Entire neighbourhood decorates for family's Lunar New Year celebrations

Feb 6 2021, 12:59 am

If you have visited New Westminster’s Sapperton neighbourhood lately, you may have noticed rows of decorated homes.

The decorations aren’t old Christmas lights or garland waiting to be taken down from the holidays; instead, they are beautiful red and gold paper lanterns and ornaments to celebrate Lunar New Year.

Chinese Lunar New Year

Elaine Su

Sapperton resident Elaine Su wanted to make Lunar New Year spirited and magical for her son in an effort to get him excited about their cultural identity and celebrations.

“I was inspired to reach out to my neighbours after seeing how much my son enjoyed looking for pumpkins at Halloween and lights and wreaths at Christmas,” Su told Daily Hive.

“I realized that he wouldn’t get the same feeling at Lunar New Year without seeing his neighbourhood celebrating with him. It wouldn’t feel like a proper community celebration,” she said.

“It made me feel really sad, and I wanted to find a way to lift up our cultural celebrations so that they would seem equal and important to my son. So I wrote a letter, delivered it to our neighbours in the closest few blocks, and hoped a few people might respond.”

Su expected only a few neighbours to help her out, but she was pleasantly surprised by the response.

“In my letter, I expressed an open-ended invitation for my neighbours to share their culture or unique experiences with me too, and I’ve received some wonderful messages and even gifts from neighbours about everything from Vietnamese Tết to Scottish Hogmanay.”

Su says about two-thirds of the homes in the neighbourhood are currently decked out in red and gold. That’s 70 people not only showing support for her idea but also coming together to share personal stories of ancestry, immigration, and struggle.

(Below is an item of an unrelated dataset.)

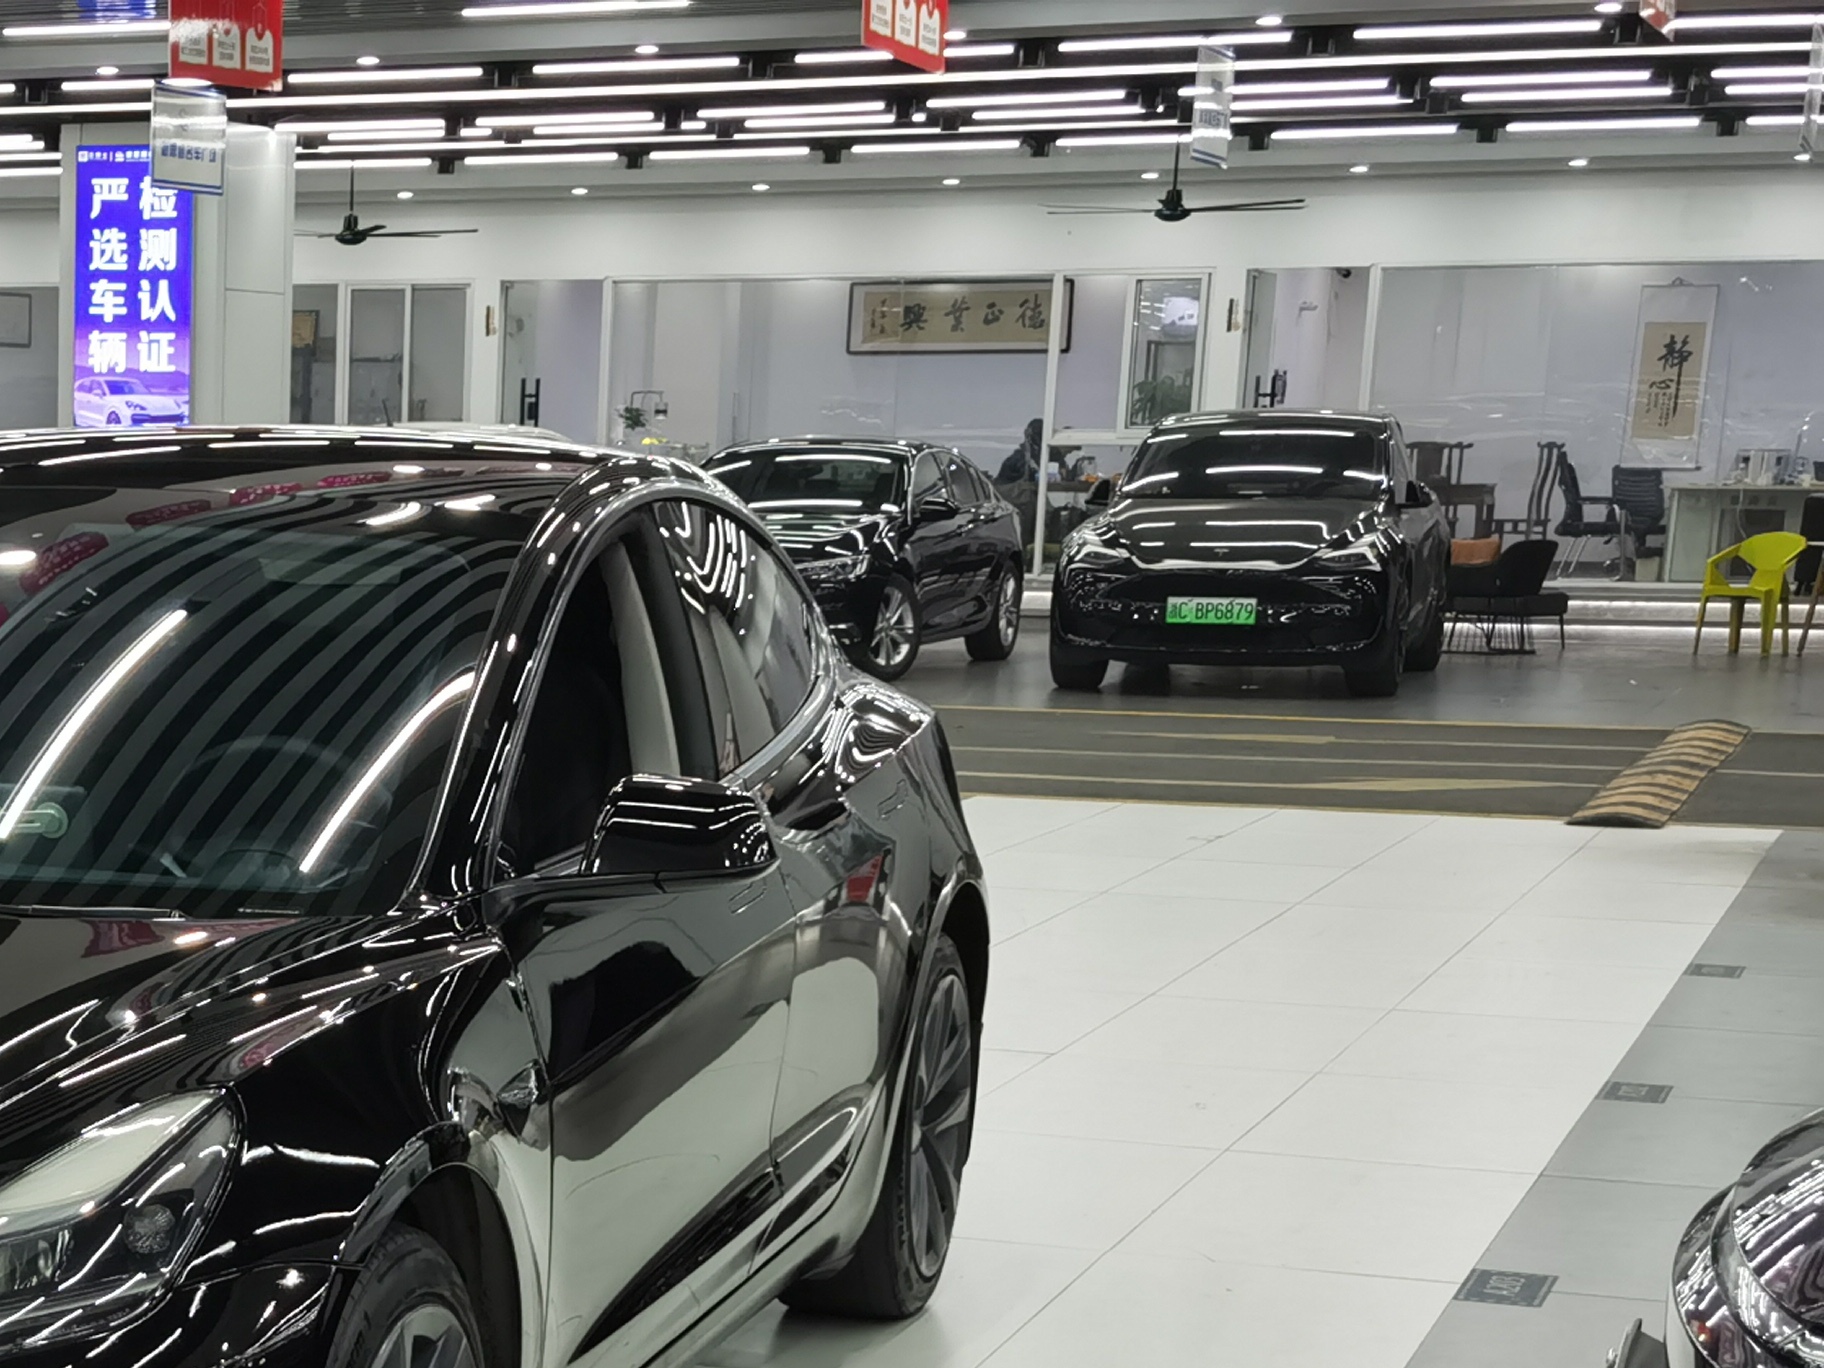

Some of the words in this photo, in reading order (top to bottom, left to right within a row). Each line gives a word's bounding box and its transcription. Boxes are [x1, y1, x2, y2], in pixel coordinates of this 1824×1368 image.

[89, 177, 129, 374] 严选车辆
[138, 175, 177, 374] 检测认证
[1195, 602, 1255, 621] BP6879
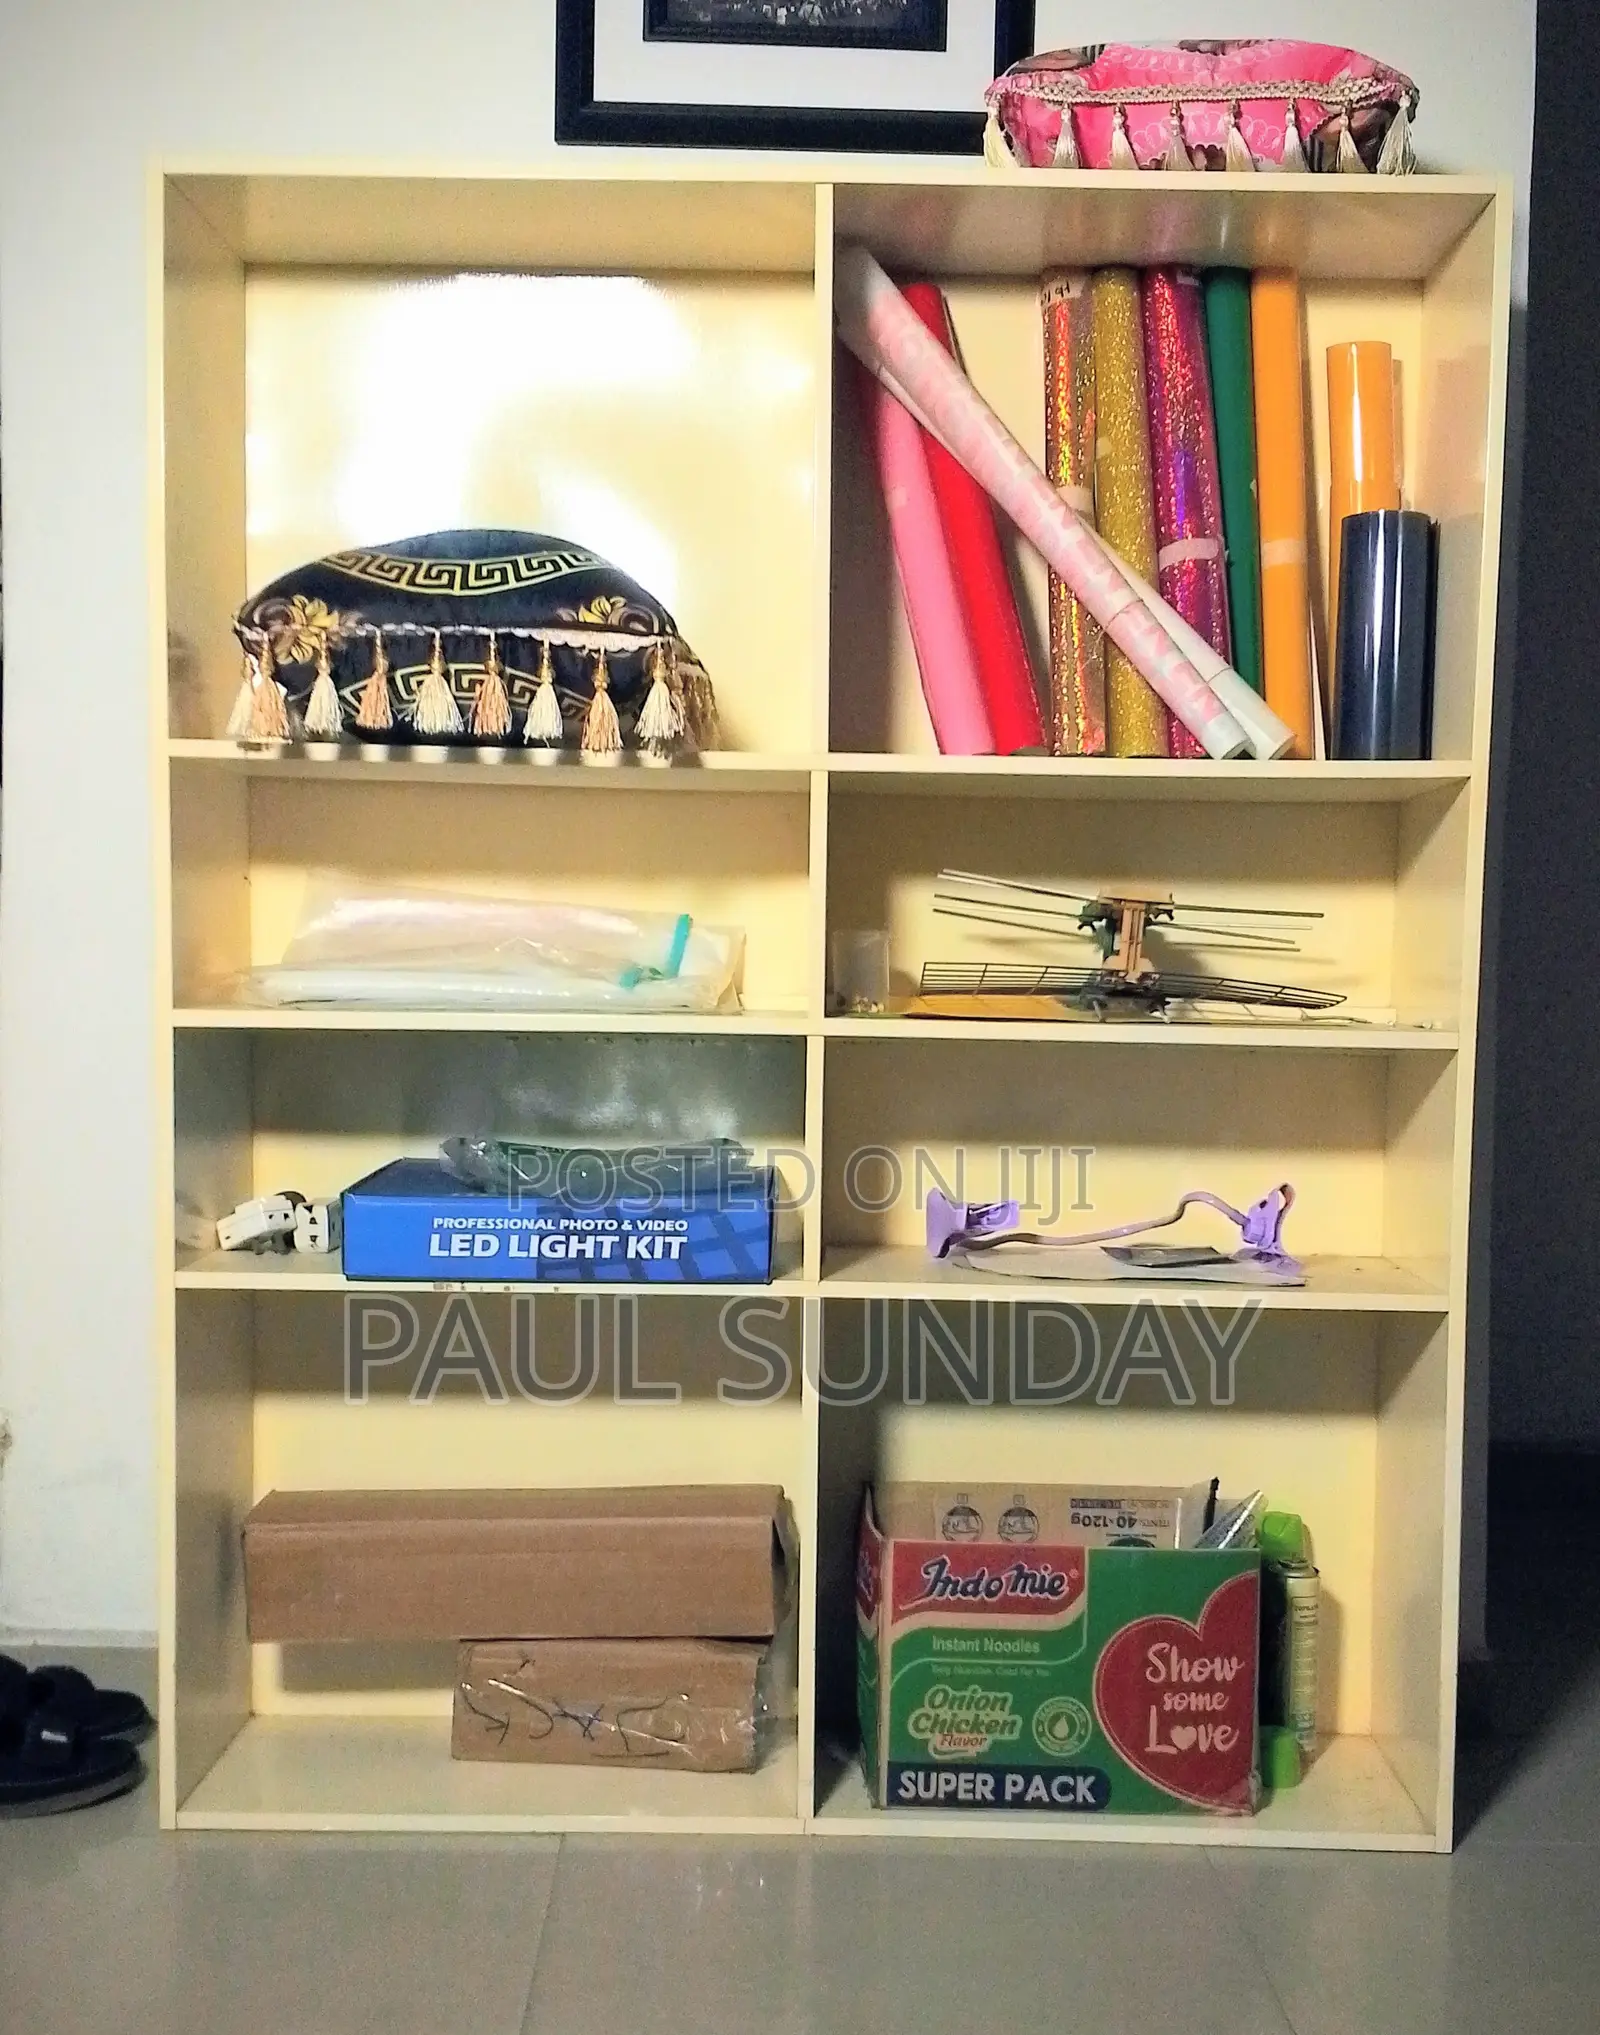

Neighbours are now stopping her on the street to express how happy they are about the way they’ve been able to come together, an act that Su deems to be anti-racist “because it’s a story of neighbours visibly and proudly embracing a culture that is not their own in order to make one neighbour’s children feel more supported, welcomed, and loved.”

Su says she recognizes this community movement as anti-racist because it was accompanied every step of the way by education and care. Neighbours began asking her and each other if they were doing things in respectful ways and whether their decorations were put up in a manner that would honour Lunar New Year traditions.

Chinese Lunar New Year

Elaine Su

“Everyone has been so careful to ask important questions, to make sure that they are celebrating and honouring without appropriating or tokenizing, and that has shown me so much about my neighbours,” she says.

Creating an environment where everyone feels comfortable and confident in bringing their cultural identity to the table is Su’s way of encouraging these acts to happen more often.

“To see all these decorations on people’s houses is a feeling of acceptance and reciprocity that I’ve truly never felt before in this country,” she said.

“So many people have gone out of their way to let me know that my culture is valued and celebrated.”